- _REQUIRED ACTION_: Write the data out again exactly, dropping any images it holds.
- Opening Delimiter -
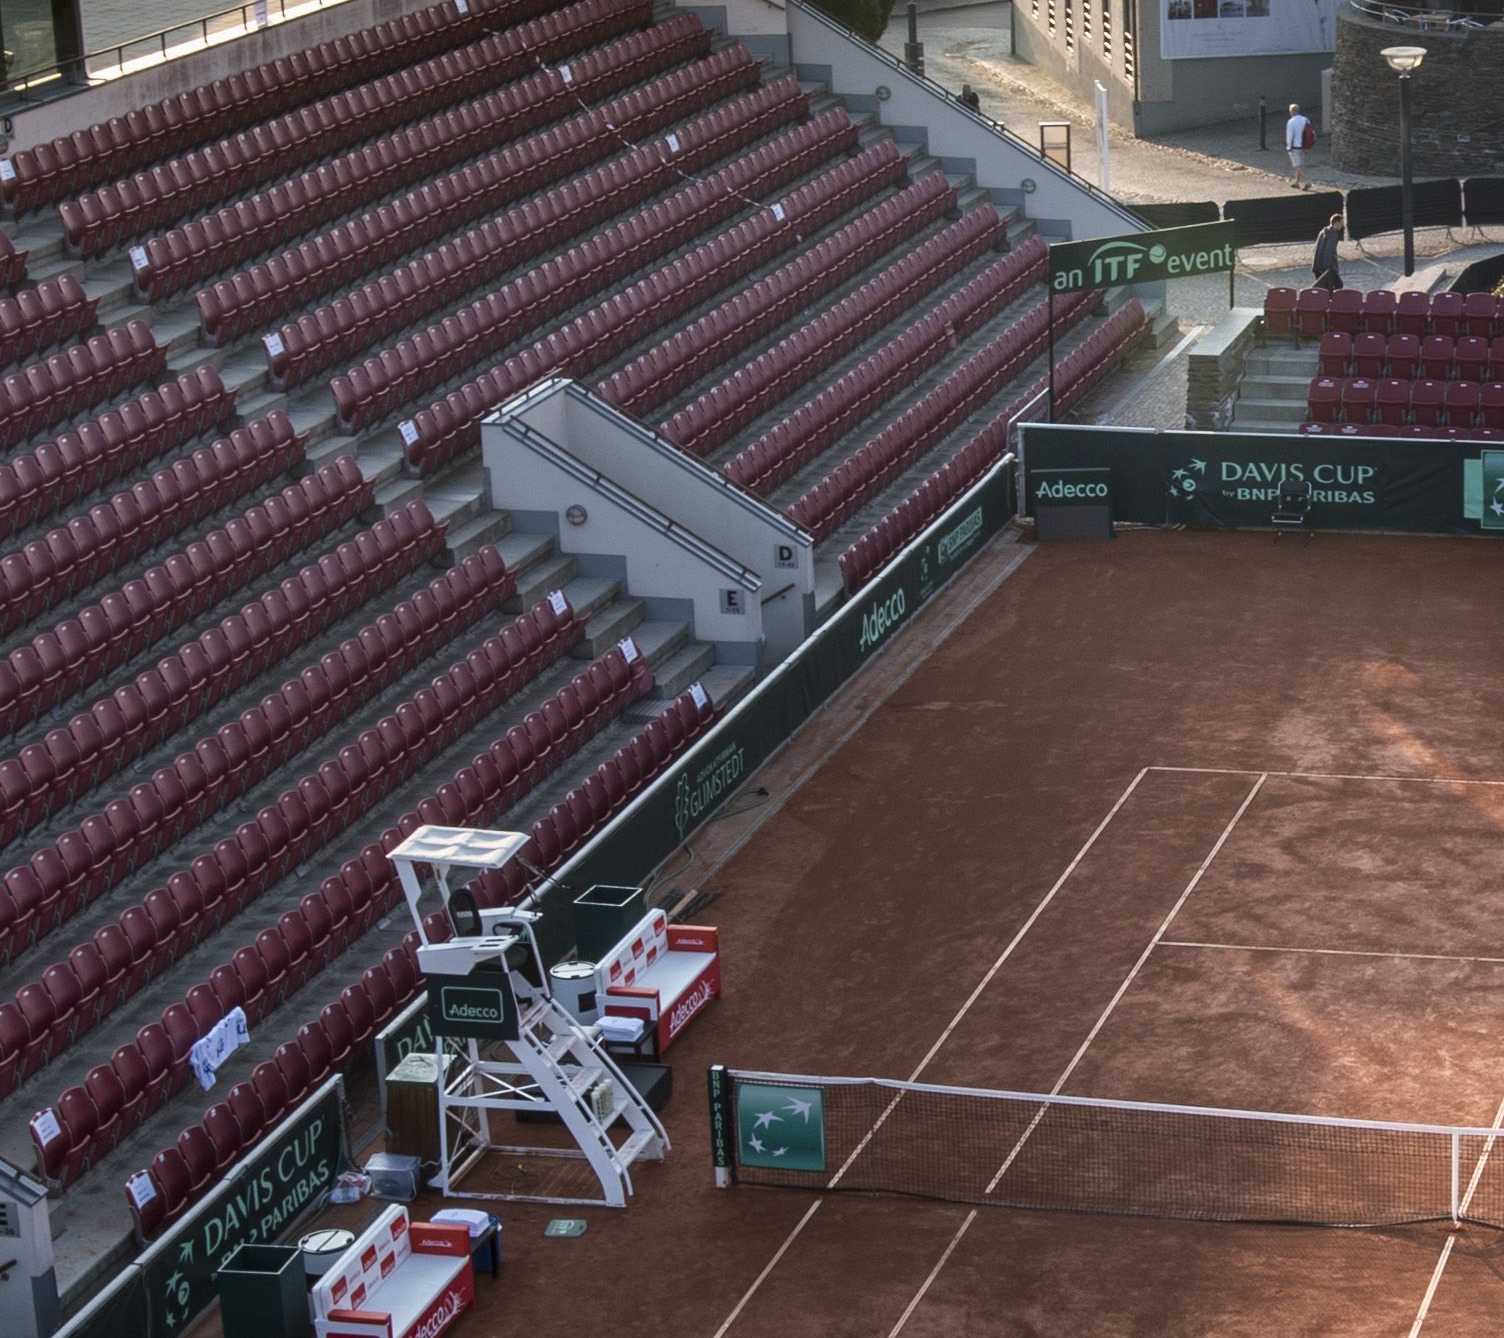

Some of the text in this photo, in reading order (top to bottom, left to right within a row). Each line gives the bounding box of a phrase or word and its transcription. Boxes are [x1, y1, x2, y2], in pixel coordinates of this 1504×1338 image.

[1054, 243, 1232, 290] an ITF event
[1035, 481, 1108, 499] Adecco
[1221, 462, 1374, 485] DAVIS CUP
[1237, 488, 1279, 502] BNP
[1283, 489, 1375, 504] RIBAS
[779, 546, 793, 561] D
[727, 590, 738, 606] E
[859, 588, 905, 652] Adecco
[690, 747, 745, 817] GLIMSTEDT
[449, 1004, 498, 1019] Adecco
[712, 1071, 725, 1166] BNP PARIBAS
[204, 1167, 274, 1257] DAVIS
[277, 1119, 323, 1183] CUP
[260, 1159, 330, 1239] PARIBAS
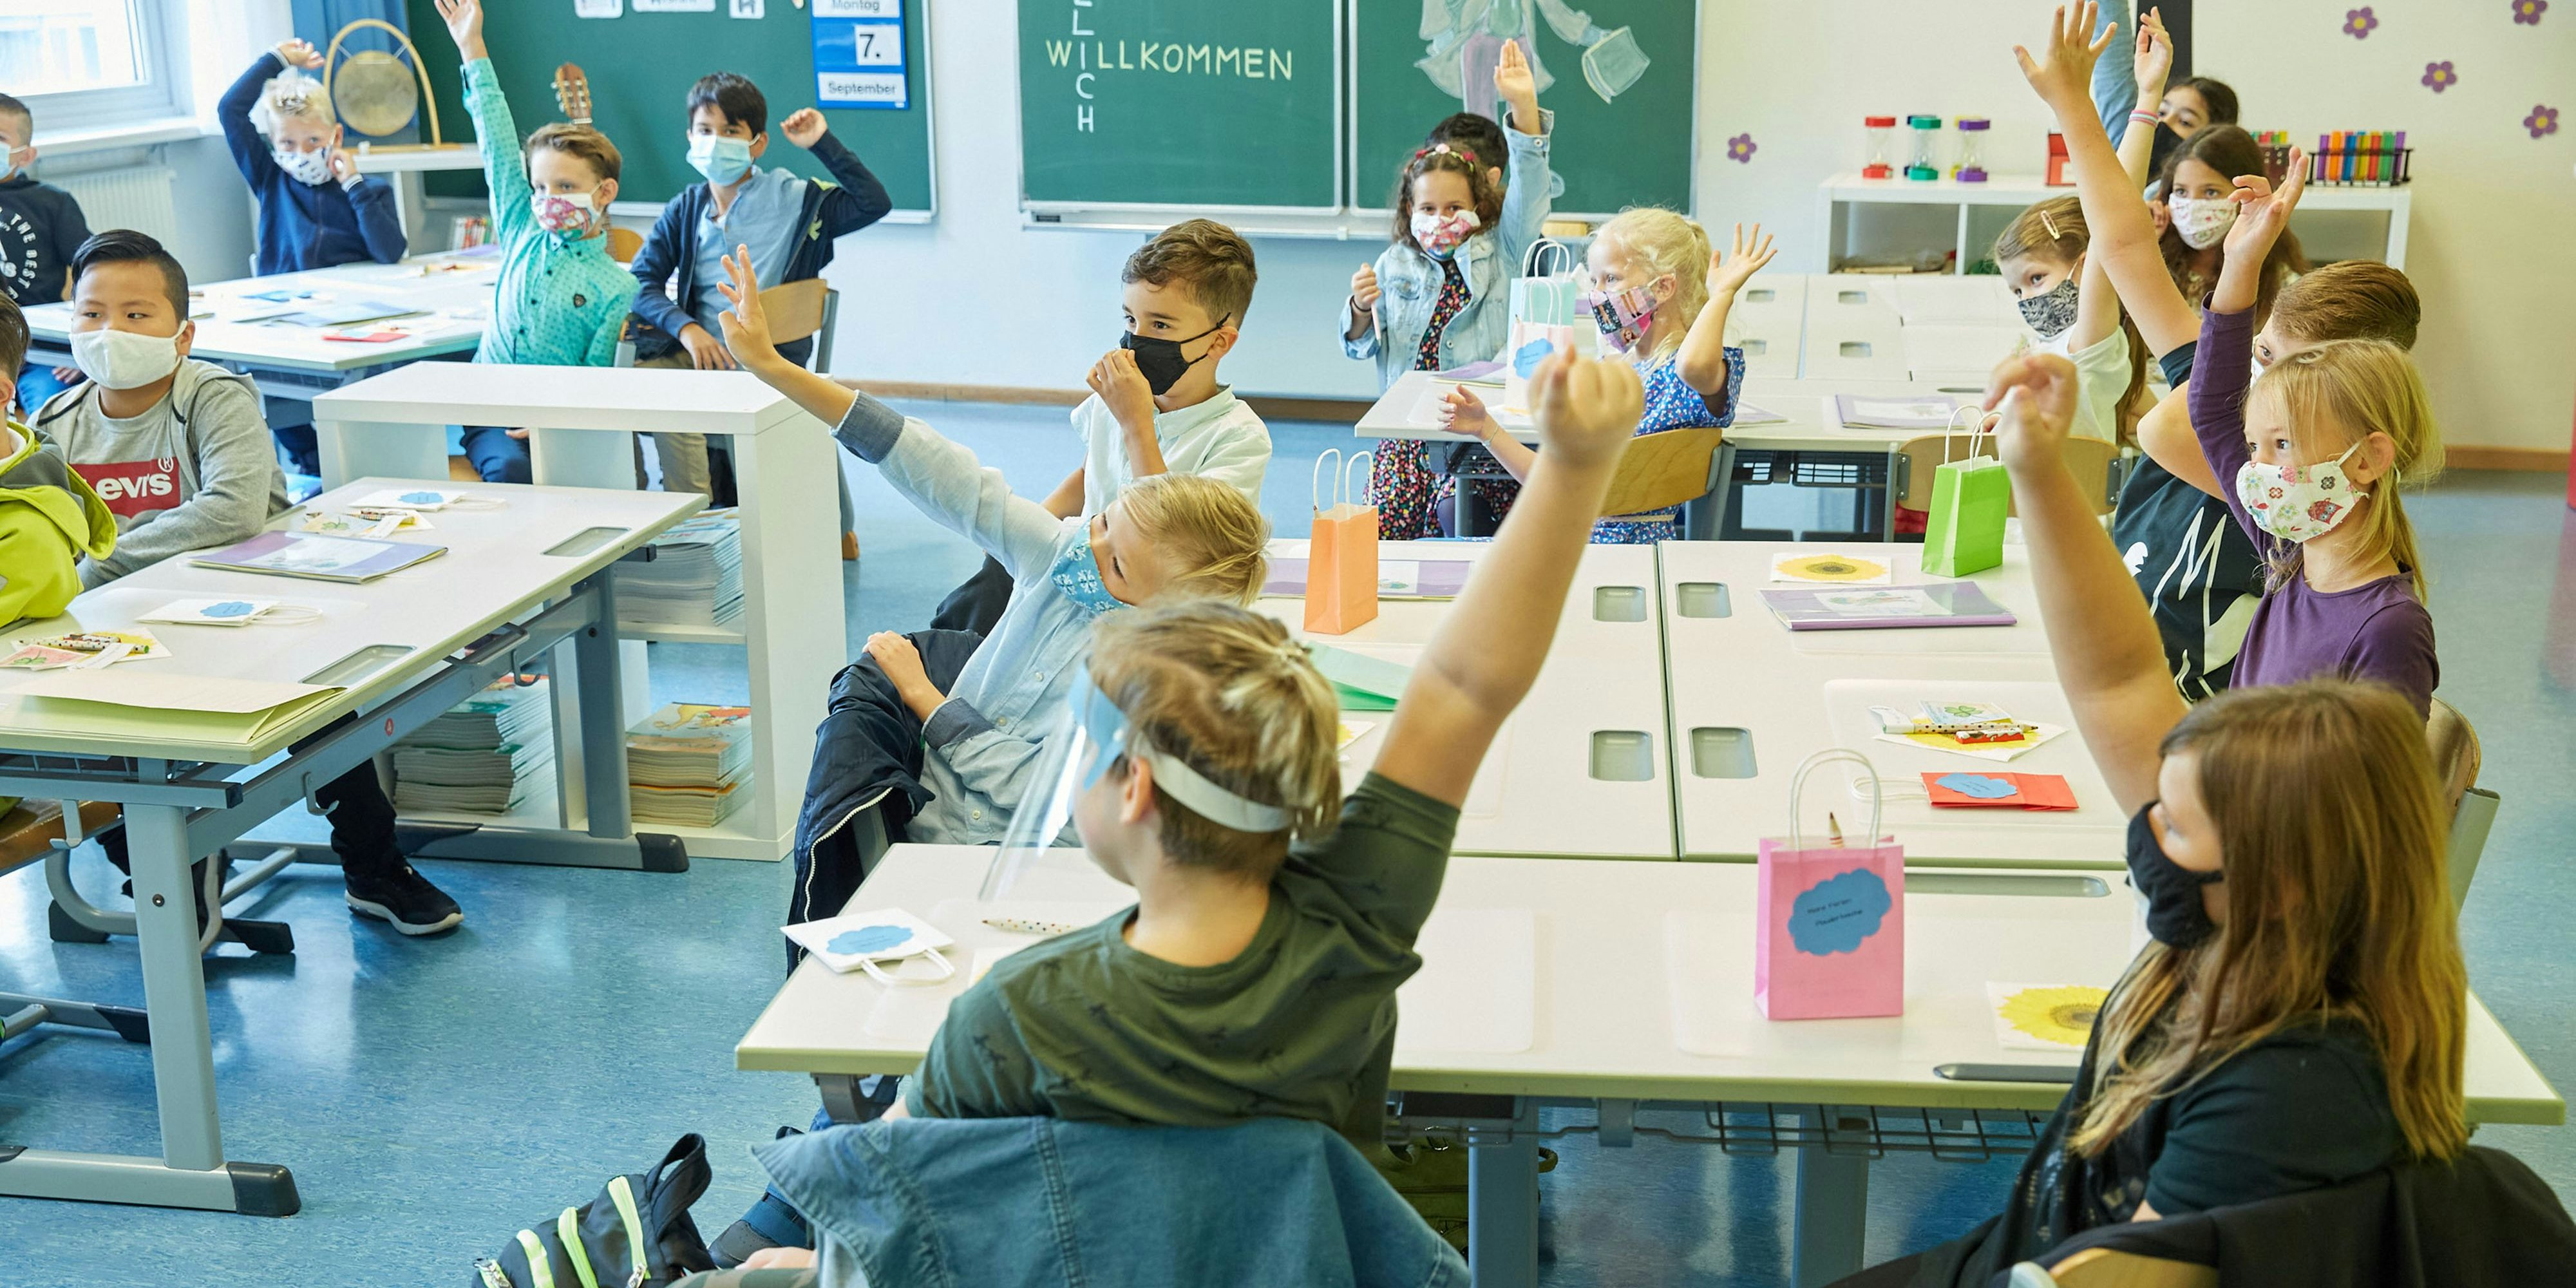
- Closing Delimiter -
- _RESPONSE TO THIS EXERCISE_:
Some of the text in this photo, in reading order (top to bottom, left to right within a row). Each line gives the bounding box of a phrase or word and its transcription. Boxes are [x1, y1, x2, y2], in pixel coordinates of this 1504×1338 image.

[1054, 243, 1232, 290] an ITF event
[1035, 481, 1108, 499] Adecco
[1221, 462, 1374, 485] DAVIS CUP
[1237, 488, 1279, 502] BNP
[1283, 489, 1375, 504] RIBAS
[779, 546, 793, 561] D
[727, 590, 738, 606] E
[859, 588, 905, 652] Adecco
[690, 747, 745, 817] GLIMSTEDT
[449, 1004, 498, 1019] Adecco
[712, 1071, 725, 1166] BNP PARIBAS
[204, 1167, 274, 1257] DAVIS
[277, 1119, 323, 1183] CUP
[260, 1159, 330, 1239] PARIBAS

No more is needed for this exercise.